Archaeological site in Peru

Kotosh is an archaeological site near the town of Huánuco, Peru, consisting of a series of buildings comprising six periods of continuous occupation.

==Stratigraphy==
Three cultural phases which preceded the Chavin culture were identified at Kotosh,

1. Kotosh
2. Wairajirca
3. Mito

===Kotosh Period===
The Kotosh Period culture stratum was situated directly beneath the Chavin culture stratum.

At this stage, maize cultivation has appeared.

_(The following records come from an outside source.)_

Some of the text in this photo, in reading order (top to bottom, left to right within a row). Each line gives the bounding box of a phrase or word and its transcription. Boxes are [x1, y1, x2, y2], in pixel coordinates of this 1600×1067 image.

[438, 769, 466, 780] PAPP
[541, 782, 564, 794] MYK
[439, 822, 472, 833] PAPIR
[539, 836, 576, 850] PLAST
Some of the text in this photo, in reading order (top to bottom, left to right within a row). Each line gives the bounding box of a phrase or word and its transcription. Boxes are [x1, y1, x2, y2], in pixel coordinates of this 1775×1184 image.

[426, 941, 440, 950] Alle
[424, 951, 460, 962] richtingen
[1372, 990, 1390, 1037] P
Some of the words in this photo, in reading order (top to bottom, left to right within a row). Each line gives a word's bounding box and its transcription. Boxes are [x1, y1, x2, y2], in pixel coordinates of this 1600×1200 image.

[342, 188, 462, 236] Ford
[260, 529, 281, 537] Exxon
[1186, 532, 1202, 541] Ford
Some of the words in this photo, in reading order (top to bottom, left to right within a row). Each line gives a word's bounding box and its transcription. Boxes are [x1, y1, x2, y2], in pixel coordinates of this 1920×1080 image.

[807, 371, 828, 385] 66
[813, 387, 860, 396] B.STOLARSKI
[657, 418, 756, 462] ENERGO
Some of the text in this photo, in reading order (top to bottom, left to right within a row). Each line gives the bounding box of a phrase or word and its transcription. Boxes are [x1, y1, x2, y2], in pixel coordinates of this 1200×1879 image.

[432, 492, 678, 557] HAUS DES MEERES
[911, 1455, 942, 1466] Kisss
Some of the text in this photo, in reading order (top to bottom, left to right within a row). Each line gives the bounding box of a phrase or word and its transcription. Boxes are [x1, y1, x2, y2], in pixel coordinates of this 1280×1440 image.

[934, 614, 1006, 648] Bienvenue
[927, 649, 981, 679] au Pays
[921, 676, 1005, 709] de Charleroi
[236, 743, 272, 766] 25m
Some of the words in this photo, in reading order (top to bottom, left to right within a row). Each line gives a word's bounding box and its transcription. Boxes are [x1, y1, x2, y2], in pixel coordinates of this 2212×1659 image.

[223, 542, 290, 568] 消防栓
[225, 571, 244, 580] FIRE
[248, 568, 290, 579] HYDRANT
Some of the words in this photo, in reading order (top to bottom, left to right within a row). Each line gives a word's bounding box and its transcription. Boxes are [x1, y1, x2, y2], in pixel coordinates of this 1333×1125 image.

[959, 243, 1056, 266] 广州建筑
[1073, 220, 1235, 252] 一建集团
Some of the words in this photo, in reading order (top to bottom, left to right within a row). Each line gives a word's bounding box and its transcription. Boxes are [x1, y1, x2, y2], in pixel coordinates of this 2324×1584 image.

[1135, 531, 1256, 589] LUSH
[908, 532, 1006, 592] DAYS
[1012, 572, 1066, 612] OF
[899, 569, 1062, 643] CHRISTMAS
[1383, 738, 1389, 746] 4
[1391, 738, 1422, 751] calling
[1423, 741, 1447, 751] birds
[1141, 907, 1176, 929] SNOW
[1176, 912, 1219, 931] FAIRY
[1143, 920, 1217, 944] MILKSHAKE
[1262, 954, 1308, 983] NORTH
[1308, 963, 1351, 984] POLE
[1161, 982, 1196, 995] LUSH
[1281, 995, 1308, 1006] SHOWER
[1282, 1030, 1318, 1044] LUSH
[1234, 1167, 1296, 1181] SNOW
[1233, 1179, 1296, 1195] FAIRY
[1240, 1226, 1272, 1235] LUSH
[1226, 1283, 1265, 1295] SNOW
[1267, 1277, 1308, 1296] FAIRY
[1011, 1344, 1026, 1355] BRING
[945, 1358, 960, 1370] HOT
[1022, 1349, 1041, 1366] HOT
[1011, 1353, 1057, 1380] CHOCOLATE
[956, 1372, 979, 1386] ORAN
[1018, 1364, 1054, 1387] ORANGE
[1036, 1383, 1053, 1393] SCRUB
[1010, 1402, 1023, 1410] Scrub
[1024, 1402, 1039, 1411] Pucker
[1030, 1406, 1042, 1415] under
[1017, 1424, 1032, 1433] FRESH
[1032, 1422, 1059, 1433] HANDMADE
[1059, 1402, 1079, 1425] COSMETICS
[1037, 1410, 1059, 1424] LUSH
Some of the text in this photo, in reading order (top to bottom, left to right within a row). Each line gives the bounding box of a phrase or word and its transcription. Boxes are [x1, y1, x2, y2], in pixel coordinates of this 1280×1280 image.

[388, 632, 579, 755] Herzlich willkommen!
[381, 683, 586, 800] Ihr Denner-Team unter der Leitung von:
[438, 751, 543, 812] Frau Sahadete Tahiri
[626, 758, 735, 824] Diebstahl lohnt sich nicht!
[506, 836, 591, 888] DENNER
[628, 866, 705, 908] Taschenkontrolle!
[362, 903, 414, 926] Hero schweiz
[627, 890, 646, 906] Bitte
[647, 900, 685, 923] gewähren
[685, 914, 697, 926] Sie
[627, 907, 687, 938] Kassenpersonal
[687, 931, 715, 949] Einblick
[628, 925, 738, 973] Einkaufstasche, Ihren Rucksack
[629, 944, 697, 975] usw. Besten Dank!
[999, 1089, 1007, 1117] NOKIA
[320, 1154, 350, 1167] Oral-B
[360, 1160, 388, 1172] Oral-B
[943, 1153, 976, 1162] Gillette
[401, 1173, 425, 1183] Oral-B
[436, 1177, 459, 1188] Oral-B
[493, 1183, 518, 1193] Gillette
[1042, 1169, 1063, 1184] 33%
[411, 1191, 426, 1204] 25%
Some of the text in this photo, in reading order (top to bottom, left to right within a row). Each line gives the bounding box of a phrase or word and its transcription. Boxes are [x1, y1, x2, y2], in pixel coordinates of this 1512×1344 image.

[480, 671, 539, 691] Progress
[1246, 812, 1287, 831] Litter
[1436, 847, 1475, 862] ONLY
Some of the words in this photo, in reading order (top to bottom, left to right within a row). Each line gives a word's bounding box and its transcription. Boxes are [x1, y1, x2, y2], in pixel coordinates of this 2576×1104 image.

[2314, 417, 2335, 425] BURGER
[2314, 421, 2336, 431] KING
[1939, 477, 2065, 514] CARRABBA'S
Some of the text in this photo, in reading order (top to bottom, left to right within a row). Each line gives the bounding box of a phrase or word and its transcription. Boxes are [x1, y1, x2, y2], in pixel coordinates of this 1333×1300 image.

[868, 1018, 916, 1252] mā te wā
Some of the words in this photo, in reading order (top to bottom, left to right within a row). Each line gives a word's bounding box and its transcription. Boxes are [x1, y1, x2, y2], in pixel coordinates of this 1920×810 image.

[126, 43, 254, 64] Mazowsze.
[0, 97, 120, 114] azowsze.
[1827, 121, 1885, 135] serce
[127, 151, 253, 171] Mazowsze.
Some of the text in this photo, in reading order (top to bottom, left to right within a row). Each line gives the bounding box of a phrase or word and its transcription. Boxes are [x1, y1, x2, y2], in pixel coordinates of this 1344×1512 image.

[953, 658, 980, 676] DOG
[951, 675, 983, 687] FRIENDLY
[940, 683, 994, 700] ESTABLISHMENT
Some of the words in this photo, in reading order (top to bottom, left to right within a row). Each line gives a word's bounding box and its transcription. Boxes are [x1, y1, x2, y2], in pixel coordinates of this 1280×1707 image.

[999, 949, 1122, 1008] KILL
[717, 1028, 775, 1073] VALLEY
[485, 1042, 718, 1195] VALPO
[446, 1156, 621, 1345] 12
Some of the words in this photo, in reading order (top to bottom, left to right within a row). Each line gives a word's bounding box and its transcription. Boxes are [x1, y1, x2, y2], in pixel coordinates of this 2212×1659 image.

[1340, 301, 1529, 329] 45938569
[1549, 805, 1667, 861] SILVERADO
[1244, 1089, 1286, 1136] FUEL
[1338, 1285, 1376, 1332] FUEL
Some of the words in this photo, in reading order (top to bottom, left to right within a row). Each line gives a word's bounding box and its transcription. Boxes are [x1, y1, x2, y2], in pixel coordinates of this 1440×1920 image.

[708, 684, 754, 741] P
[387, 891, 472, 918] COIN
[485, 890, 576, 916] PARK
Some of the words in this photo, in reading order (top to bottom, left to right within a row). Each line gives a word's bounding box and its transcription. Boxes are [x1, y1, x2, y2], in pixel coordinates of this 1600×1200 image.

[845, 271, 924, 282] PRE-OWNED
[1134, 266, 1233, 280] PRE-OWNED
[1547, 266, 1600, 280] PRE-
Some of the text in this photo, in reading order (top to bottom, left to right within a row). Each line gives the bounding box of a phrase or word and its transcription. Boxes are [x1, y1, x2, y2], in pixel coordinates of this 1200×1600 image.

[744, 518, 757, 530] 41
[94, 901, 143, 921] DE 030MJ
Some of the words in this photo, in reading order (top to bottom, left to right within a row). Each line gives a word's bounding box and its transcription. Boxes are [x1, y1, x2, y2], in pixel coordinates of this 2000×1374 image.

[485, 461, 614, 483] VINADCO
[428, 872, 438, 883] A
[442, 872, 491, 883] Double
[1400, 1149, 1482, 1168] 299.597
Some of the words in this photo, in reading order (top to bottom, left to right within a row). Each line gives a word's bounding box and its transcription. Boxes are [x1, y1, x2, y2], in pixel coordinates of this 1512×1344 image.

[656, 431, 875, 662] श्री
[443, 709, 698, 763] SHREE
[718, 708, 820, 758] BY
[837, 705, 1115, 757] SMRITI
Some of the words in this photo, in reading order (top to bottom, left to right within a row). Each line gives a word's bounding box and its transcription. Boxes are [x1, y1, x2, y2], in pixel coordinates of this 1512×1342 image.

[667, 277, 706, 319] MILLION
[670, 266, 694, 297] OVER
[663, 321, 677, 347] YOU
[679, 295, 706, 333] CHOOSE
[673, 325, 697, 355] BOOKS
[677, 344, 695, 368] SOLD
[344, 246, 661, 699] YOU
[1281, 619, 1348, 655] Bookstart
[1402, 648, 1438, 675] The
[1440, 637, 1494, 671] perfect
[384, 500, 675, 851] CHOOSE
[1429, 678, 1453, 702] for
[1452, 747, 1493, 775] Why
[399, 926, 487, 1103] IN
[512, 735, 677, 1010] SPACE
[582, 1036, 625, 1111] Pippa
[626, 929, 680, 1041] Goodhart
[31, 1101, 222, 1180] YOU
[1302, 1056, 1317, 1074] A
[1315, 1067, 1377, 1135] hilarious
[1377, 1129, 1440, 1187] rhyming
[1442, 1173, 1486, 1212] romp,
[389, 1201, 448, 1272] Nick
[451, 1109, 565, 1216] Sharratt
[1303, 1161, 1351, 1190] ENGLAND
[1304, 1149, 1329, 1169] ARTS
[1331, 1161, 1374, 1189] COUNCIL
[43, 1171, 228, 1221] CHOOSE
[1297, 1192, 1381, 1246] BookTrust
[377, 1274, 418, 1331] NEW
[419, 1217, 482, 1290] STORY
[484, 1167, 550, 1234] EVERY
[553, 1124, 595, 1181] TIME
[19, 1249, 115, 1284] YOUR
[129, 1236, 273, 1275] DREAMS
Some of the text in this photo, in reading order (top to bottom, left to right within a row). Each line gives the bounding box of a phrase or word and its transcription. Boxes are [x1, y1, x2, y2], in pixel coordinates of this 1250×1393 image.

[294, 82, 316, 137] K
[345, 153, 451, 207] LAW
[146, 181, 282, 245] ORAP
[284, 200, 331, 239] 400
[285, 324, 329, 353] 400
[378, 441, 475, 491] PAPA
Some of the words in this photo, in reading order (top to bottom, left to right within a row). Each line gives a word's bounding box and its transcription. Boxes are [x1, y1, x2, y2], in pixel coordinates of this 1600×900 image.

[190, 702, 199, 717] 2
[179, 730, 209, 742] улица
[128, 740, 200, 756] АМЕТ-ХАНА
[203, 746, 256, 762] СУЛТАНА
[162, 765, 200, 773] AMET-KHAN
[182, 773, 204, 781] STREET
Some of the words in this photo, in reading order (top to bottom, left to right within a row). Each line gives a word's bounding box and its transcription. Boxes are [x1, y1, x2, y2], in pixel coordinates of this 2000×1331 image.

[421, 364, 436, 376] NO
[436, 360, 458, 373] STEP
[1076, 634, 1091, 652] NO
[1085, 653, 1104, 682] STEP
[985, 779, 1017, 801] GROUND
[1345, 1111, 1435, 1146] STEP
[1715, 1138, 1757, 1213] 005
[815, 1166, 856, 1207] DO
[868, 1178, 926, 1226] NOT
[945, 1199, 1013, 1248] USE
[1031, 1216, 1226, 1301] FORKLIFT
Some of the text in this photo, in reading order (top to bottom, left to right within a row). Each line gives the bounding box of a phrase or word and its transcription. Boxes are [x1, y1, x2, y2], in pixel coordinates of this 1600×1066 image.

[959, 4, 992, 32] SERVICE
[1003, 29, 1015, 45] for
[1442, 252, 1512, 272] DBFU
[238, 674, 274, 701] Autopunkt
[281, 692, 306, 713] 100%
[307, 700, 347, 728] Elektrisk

Some Kotosh elements show links with the Chavin culture. For example; stirrup spouts, plain rocker stampings, and curvilinear ceramic designs. There are also similarities in black paint on red ceramics. Kotosh Black Polished Incised pottery is similar to Classical Chavin pottery.

===Wairajirca period===
This is when the first pottery appeared.

Wayrajirca pottery was originally found at its type site Wayrajirca, which is near Kotosh, and this pottery is also known from elsewhere in the northern highlands. The Wairajirca period continued from the late eighteenth to late twelfth century cal BC (1750-1150 BC).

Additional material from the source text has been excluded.